Too weary to feel gratified or relieved, Sorweel began telling the Successor-Prince everything that had transpired since the death of his father and the fall of his hallowed city. He told him of the stork who had alighted on the walls the instant before the Great Ordeal attacked his city. He told him how he had wept in the Aspect-Emperor’s arms. He confessed everything, no matter how shameful, how weak, knowing that for all the aloofness of Zsoronga’s gaze, the man no longer judged him with a simple rule.
And then he told him about the slave, Porsparian …
“He … he … made a face, her face, in the earth. And—I swear to you, Zsoronga!—he gathered … mud … spit, from her lips. He rubbed it across my chee—”
“Before the council?” Zsoronga asked, astonished eyes shining from a dubious scowl. “Before the Anasûrimbor named you one of the faithful?”
br /> “Yes! Yes! And ever since … Even Kayûtas congratulates me on my … my turning.”
“Conversion,” Zsoronga corrected, his head slung low in concentration. “Your conversion …”
So far the young King of Sakarpus had spoken through the weariness that hooks lead weights to each and every thought, making the effort of talking akin to that of lifting what would rather sink. Suddenly speaking felt more like trying to submerge air-filled bladders—holding down things that should be drowned.
“Tell me what you think!” Sorweel cried.
“This is bad rushru … The Mother of Birth … For us, she is the slave Goddess. Beneath our petitioni—”
“It does shame me!” Sorweel blurted. “I am one of the warlings! Born of blood both ancient and noble! Trothed to Gilgaöl since my fifth summer! She shames me!”

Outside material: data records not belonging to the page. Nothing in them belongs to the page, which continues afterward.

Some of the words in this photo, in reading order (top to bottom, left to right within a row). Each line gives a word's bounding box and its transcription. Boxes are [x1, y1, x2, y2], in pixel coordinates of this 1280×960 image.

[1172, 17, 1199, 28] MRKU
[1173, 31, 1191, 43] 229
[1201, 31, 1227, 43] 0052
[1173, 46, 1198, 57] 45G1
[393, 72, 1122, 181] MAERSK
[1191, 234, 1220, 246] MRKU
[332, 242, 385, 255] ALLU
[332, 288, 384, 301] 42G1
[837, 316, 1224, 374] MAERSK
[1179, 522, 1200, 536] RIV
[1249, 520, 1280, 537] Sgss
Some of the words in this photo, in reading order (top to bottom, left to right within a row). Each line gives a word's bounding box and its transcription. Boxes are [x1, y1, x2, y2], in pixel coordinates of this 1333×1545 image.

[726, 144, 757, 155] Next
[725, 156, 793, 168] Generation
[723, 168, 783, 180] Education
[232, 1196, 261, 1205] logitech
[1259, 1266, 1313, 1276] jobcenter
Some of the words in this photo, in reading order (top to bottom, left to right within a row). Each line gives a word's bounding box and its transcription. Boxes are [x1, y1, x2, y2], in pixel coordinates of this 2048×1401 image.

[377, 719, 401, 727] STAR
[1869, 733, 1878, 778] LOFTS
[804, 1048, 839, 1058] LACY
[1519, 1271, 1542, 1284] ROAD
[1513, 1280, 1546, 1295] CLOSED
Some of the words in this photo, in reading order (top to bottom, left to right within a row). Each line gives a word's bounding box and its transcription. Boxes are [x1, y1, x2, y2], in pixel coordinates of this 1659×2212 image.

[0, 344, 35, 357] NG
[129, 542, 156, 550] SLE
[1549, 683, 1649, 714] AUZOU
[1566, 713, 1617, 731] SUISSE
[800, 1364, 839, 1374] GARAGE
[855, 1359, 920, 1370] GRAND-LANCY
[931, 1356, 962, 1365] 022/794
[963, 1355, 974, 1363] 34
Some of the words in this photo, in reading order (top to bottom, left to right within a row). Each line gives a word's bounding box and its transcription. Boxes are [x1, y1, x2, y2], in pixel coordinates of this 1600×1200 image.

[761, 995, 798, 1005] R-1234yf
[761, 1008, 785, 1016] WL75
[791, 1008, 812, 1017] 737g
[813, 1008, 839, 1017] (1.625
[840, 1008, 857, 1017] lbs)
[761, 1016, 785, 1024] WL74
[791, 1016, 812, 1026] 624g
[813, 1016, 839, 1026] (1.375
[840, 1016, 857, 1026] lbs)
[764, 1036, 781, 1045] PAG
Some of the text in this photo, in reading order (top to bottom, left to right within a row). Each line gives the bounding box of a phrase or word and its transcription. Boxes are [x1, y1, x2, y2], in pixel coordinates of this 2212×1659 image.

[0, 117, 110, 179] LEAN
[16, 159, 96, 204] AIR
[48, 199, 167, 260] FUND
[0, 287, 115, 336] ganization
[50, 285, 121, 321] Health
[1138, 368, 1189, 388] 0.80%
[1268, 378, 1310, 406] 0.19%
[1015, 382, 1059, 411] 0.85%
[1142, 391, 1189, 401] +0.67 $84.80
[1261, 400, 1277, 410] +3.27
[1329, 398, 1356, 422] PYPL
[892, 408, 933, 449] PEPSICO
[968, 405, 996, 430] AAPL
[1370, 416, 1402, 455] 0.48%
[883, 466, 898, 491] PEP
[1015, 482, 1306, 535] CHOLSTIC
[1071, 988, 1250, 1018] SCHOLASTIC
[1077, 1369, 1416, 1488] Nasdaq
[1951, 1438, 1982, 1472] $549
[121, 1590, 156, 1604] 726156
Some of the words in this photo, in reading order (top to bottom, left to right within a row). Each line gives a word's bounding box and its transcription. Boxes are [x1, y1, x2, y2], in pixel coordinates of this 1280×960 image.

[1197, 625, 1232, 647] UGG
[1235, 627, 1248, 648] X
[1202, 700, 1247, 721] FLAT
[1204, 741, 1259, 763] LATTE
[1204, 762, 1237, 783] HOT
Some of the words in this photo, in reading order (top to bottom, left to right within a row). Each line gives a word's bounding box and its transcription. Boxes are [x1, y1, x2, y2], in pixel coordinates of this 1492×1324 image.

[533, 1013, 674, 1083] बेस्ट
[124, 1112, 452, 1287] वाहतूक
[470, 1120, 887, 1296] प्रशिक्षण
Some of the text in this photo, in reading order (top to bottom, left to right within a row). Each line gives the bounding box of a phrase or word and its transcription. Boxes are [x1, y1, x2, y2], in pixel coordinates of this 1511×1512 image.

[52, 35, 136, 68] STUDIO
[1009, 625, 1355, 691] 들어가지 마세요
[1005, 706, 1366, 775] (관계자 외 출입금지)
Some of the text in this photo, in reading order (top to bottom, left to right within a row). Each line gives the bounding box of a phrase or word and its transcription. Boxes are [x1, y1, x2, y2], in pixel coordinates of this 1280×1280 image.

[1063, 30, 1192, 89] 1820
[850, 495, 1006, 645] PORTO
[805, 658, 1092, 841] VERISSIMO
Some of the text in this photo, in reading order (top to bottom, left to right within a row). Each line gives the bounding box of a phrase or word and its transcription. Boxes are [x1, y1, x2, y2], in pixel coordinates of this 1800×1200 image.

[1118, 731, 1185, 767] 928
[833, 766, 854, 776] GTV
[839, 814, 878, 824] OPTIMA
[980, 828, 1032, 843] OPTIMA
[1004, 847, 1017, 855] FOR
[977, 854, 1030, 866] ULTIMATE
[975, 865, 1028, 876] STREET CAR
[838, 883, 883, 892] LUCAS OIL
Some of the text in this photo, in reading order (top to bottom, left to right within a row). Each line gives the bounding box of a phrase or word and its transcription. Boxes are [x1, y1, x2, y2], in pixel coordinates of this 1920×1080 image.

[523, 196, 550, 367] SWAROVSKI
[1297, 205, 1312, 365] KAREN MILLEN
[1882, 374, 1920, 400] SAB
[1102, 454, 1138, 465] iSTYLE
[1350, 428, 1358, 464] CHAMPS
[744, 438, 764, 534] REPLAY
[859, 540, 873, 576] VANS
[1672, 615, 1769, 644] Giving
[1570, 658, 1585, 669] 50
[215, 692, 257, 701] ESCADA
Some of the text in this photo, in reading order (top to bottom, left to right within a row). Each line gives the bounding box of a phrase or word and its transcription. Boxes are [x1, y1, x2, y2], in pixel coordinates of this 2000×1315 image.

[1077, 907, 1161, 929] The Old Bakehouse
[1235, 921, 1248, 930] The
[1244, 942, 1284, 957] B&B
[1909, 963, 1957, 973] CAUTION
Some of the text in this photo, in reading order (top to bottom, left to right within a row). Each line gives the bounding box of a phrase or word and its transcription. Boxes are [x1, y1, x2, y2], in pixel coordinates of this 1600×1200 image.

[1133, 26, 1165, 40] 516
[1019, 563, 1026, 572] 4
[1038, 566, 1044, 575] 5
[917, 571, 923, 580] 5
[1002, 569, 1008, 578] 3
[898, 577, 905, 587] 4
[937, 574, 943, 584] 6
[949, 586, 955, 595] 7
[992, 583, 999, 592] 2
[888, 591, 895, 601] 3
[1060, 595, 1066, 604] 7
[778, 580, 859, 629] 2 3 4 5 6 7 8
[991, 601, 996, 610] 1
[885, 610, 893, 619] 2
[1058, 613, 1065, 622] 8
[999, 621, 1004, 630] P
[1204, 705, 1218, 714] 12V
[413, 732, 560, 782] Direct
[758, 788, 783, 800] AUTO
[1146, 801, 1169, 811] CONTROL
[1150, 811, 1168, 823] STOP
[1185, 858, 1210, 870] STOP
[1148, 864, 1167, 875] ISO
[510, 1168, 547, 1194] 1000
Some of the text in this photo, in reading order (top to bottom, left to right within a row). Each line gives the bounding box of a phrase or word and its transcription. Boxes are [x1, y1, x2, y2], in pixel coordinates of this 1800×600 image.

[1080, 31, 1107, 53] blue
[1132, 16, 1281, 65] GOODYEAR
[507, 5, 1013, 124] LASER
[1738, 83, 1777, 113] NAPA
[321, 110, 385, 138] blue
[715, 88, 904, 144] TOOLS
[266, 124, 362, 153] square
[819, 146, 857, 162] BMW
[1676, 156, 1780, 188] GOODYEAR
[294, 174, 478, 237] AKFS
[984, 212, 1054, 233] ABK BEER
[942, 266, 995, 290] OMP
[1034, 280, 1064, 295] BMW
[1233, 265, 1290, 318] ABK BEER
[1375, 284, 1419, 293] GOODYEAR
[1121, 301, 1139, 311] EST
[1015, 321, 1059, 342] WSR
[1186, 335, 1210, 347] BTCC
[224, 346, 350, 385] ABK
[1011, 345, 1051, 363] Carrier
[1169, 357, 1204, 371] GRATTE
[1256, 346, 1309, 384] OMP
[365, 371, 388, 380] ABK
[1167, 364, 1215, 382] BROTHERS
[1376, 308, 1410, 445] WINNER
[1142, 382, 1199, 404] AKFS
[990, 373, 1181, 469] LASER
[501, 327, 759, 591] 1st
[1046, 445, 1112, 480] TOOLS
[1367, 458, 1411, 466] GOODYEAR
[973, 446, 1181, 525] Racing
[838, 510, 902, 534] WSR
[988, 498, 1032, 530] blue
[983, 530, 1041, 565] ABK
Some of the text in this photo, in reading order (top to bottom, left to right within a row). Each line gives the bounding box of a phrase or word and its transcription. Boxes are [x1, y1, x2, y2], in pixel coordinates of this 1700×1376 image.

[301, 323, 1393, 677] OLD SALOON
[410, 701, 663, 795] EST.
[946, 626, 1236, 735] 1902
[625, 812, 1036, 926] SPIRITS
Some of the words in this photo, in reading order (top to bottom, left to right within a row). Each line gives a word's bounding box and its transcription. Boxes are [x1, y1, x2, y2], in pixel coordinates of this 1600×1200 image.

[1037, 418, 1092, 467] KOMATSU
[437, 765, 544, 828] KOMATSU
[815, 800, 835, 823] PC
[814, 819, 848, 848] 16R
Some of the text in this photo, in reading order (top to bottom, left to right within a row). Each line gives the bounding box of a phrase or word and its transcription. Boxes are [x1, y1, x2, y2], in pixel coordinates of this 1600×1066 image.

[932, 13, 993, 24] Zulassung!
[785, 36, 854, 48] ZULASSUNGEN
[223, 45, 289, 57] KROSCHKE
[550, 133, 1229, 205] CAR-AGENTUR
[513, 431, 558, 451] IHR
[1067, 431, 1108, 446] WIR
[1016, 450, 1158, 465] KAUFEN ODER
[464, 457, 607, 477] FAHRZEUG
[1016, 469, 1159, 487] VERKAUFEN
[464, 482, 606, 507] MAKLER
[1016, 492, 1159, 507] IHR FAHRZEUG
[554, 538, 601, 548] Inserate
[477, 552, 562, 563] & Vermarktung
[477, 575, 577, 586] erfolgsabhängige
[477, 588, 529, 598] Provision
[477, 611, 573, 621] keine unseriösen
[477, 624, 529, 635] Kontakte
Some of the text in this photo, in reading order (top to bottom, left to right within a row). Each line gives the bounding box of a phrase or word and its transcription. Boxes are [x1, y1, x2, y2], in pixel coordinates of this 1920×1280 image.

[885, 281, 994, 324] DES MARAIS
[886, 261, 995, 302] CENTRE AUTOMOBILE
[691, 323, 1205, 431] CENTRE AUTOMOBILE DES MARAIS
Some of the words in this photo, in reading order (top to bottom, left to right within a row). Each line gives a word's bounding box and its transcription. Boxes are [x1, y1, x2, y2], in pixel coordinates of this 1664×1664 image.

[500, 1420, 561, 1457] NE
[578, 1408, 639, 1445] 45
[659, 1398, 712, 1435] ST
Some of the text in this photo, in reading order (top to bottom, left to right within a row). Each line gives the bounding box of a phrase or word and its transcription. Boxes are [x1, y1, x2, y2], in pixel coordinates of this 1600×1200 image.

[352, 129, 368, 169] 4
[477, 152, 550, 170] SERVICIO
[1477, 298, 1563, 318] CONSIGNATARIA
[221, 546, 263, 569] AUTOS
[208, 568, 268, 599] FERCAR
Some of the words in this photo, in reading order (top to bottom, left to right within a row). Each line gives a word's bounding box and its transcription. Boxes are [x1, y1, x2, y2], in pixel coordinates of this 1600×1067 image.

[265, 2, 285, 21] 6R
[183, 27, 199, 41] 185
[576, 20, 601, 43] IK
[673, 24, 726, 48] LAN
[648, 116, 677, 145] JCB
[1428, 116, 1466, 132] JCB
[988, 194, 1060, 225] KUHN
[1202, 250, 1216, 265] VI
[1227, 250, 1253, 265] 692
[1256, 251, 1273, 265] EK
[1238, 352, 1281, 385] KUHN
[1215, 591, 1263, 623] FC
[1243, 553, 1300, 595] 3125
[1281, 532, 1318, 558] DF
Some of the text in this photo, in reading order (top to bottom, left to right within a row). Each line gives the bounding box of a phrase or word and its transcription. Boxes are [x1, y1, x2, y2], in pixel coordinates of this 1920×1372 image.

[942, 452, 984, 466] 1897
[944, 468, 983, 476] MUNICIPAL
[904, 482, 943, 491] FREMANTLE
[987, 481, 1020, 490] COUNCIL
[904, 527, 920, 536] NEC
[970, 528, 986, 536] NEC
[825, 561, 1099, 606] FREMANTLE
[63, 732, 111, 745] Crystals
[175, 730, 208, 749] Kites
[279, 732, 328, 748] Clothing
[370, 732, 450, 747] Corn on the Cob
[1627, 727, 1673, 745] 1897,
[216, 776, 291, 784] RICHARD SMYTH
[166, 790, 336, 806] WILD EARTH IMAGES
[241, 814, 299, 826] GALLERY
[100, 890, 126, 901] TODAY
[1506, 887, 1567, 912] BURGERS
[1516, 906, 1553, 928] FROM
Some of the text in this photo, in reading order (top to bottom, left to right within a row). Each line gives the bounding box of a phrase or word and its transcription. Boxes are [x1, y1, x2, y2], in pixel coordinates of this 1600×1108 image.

“But not beneath our respect,” Zsoronga continued with an air of superstitious concern. Dust had chalked his kinked hair, so that he resembled Obotegwa, older and wiser than his years. “She is among the eldest … the most powerful.”
“So what are you saying?”
The Successor-Prince absently stroked his pony’s neck rather than answer. Even when hesitating, Zsoronga possessed a directness, a paradoxical absence of hesitation. He was one of those rare men who always moved in accordance with themselves, as though his soul had been cut and stitched from a single cloth—so unlike the patched motley that was Sorweel’s soul. Even when the Successor-Prince doubted, his confidence was absolute.
“I think,” Zsoronga said, “and by that I mean think … that you are what they call narindari in the Three Seas …” His body seemed to sway about the stationary point of his gaze. “Chosen by the Gods to kill.”